** Exercise **
Could you output each line below exactly as it appears, excluding any pictures?

** Recorded data **
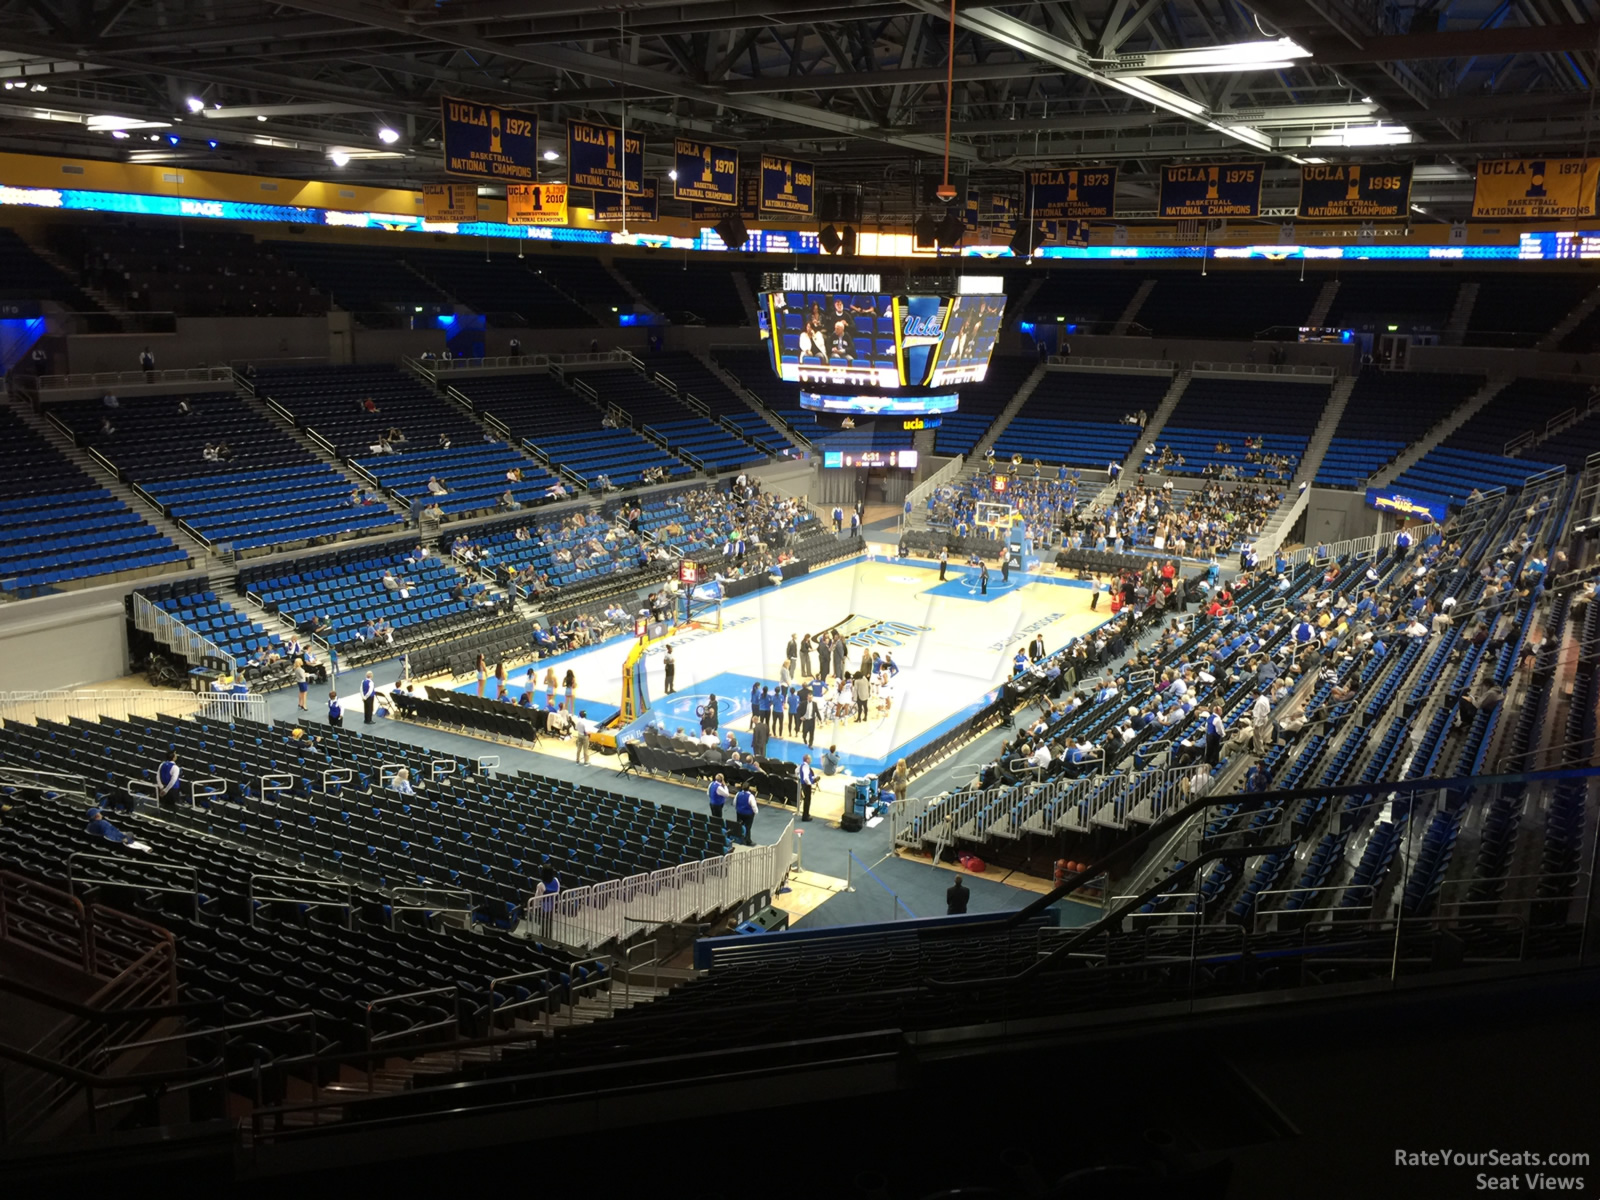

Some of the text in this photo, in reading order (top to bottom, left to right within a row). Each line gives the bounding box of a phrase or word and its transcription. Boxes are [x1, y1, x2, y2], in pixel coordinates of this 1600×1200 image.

[450, 104, 488, 127] UCLA
[506, 118, 531, 137] 1972
[574, 125, 605, 146] UCLA
[470, 151, 514, 164] BASKETBALL
[677, 142, 700, 157] UCLA
[715, 159, 735, 174] 1970
[452, 157, 532, 178] NATIONAL CHAMPIONS
[763, 157, 782, 171] UCLA
[794, 172, 812, 186] 1969
[1482, 162, 1526, 175] UCLA
[575, 174, 604, 187] NATIONAL
[1031, 172, 1065, 186] UCLA
[1084, 174, 1109, 186] 1973
[1168, 168, 1206, 182] UCLA
[1226, 170, 1254, 182] 1975
[1304, 167, 1344, 181] UCLA
[1368, 176, 1401, 190] 1995
[508, 187, 529, 196] UCLA
[694, 181, 718, 191] BASKETBALL
[546, 195, 564, 204] 2010
[678, 188, 732, 202] NATIONAL CHAMPIONS
[777, 193, 798, 202] BASKETBALL
[765, 200, 808, 212] NATIONAL CHAMPIONS
[1031, 208, 1106, 216] NATIONAL CHAMPIONS
[1166, 206, 1250, 215] NATIONAL CHAMPIONS
[1308, 206, 1398, 216] NATIONAL CHAMPIONS
[1532, 206, 1590, 215] CHAMPIONS
[783, 273, 880, 292] EDWIN W PAULEY PAVILION
[994, 481, 1004, 490] 30
[682, 568, 695, 580] 30
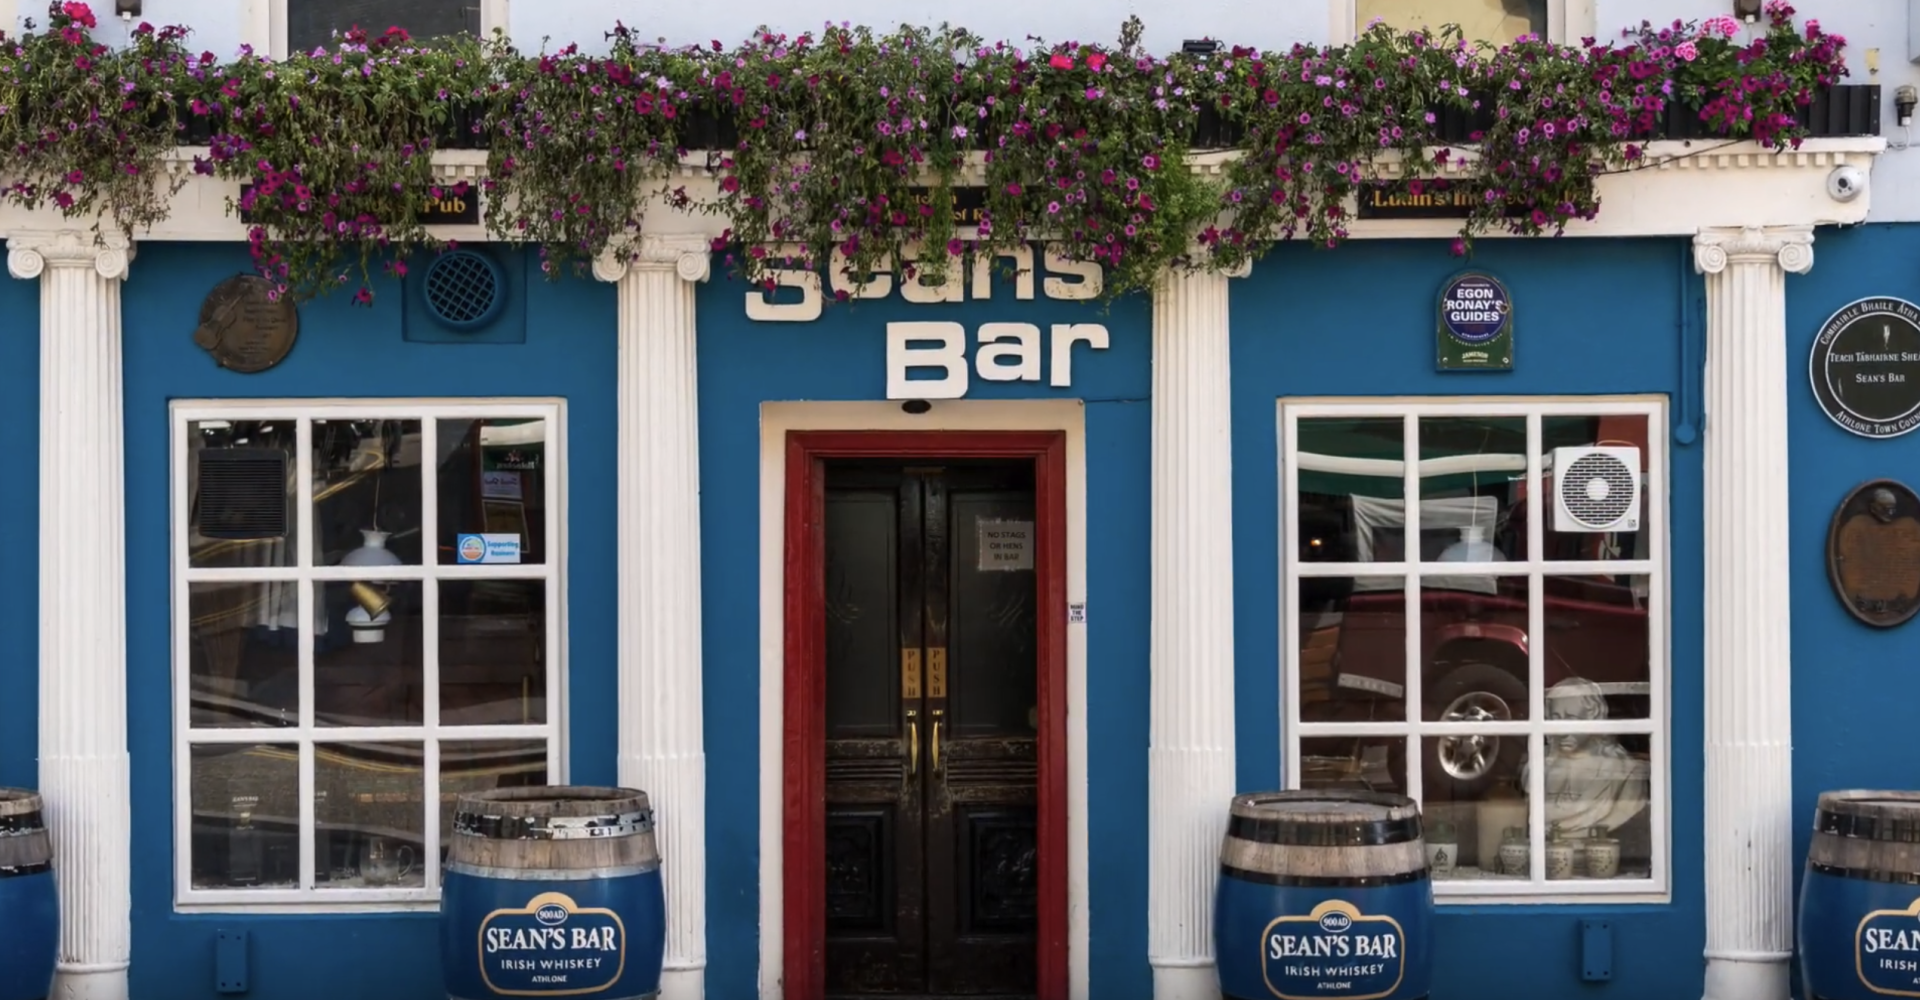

** Reply to the exercise **
Some of the text in this photo, in reading order (top to bottom, left to right within a row). Each line gives the bounding box of a phrase or word and its transcription. Boxes are [x1, y1, x2, y2], in pixel coordinates of this 1600×1200 image.

[450, 104, 488, 127] UCLA
[506, 118, 531, 137] 1972
[574, 125, 605, 146] UCLA
[470, 151, 514, 164] BASKETBALL
[677, 142, 700, 157] UCLA
[715, 159, 735, 174] 1970
[452, 157, 532, 178] NATIONAL CHAMPIONS
[763, 157, 782, 171] UCLA
[794, 172, 812, 186] 1969
[1482, 162, 1526, 175] UCLA
[575, 174, 604, 187] NATIONAL
[1031, 172, 1065, 186] UCLA
[1084, 174, 1109, 186] 1973
[1168, 168, 1206, 182] UCLA
[1226, 170, 1254, 182] 1975
[1304, 167, 1344, 181] UCLA
[1368, 176, 1401, 190] 1995
[508, 187, 529, 196] UCLA
[694, 181, 718, 191] BASKETBALL
[546, 195, 564, 204] 2010
[678, 188, 732, 202] NATIONAL CHAMPIONS
[777, 193, 798, 202] BASKETBALL
[765, 200, 808, 212] NATIONAL CHAMPIONS
[1031, 208, 1106, 216] NATIONAL CHAMPIONS
[1166, 206, 1250, 215] NATIONAL CHAMPIONS
[1308, 206, 1398, 216] NATIONAL CHAMPIONS
[1532, 206, 1590, 215] CHAMPIONS
[783, 273, 880, 292] EDWIN W PAULEY PAVILION
[994, 481, 1004, 490] 30
[682, 568, 695, 580] 30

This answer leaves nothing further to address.